Tickle the Ivories, Elmo
Elmo Hope, born on this date in 1923, was a self-taught hard bop pianist and composer who never achieved wide recognition but was influential on other bebop pianists. He was actually childhood friends with Bud Powell--they listened to classical music (J.S. Bach, in particular) together. Hope had a percussive style of playing that was generally rhythmic, fast, and harmonically complex, although he could also play very slow, almost meditative music as well. In the early 1950s, he recorded with Sonny Rollins, Clifford Brown, Jackie McLean, and others. He also did some leader dates in trio and quintet formats with Frank Foster, Hank Mobley, Leroy Vinnegar, Philly Joe Jones, and Paul Chambers. Check out the Trio and Quintet compilation album from Blue Note Records, which includes this version of Vaun-Ex."
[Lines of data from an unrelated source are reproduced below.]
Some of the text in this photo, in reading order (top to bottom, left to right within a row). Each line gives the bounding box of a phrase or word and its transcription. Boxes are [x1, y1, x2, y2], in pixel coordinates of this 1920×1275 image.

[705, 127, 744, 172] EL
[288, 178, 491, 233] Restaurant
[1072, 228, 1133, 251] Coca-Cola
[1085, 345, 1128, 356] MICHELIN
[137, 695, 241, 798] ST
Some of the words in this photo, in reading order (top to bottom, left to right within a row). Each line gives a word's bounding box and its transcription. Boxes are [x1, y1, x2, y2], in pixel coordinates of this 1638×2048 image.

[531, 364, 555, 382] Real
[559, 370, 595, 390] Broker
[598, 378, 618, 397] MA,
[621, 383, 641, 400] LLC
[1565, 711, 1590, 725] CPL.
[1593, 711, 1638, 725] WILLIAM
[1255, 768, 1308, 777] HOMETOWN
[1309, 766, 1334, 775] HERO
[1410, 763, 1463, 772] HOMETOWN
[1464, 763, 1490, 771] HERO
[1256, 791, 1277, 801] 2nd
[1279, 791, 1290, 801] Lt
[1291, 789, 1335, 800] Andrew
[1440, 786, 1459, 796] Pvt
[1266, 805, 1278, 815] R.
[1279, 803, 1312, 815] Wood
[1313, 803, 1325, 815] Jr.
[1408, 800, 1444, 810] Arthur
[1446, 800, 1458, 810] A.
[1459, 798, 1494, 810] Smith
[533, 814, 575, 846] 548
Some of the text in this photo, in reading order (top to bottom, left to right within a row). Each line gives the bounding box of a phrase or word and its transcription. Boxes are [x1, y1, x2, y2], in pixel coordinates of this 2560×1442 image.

Other albums include Informal Jazz, High Hope (an unfortunate name because of his difficulties with heroin addiction), and Homecoming!
Due to drug problems, Hope lost his cabaret card in New York City, and so he moved to Los Angeles. Not a proponent of the West Coast jazz style, he nonetheless recorded with Harold Land and Curtis Counce. Los Angeles, however, did not light Elmo's fire, so he returned to New York in 1961. His heroin use again caught up with him and he did a short stint in jail. He even did a recording called Sounds From Riker's Island. After that, he played irregularly and did not record as much. His final recordings were made in 1966 and have only recently been re-released as The Final Sessions. In 1967, he spent time in the hospital with pneumonia - perhaps related to his drug use - and while still recuperating from that, Hope died of an apparent heart attack.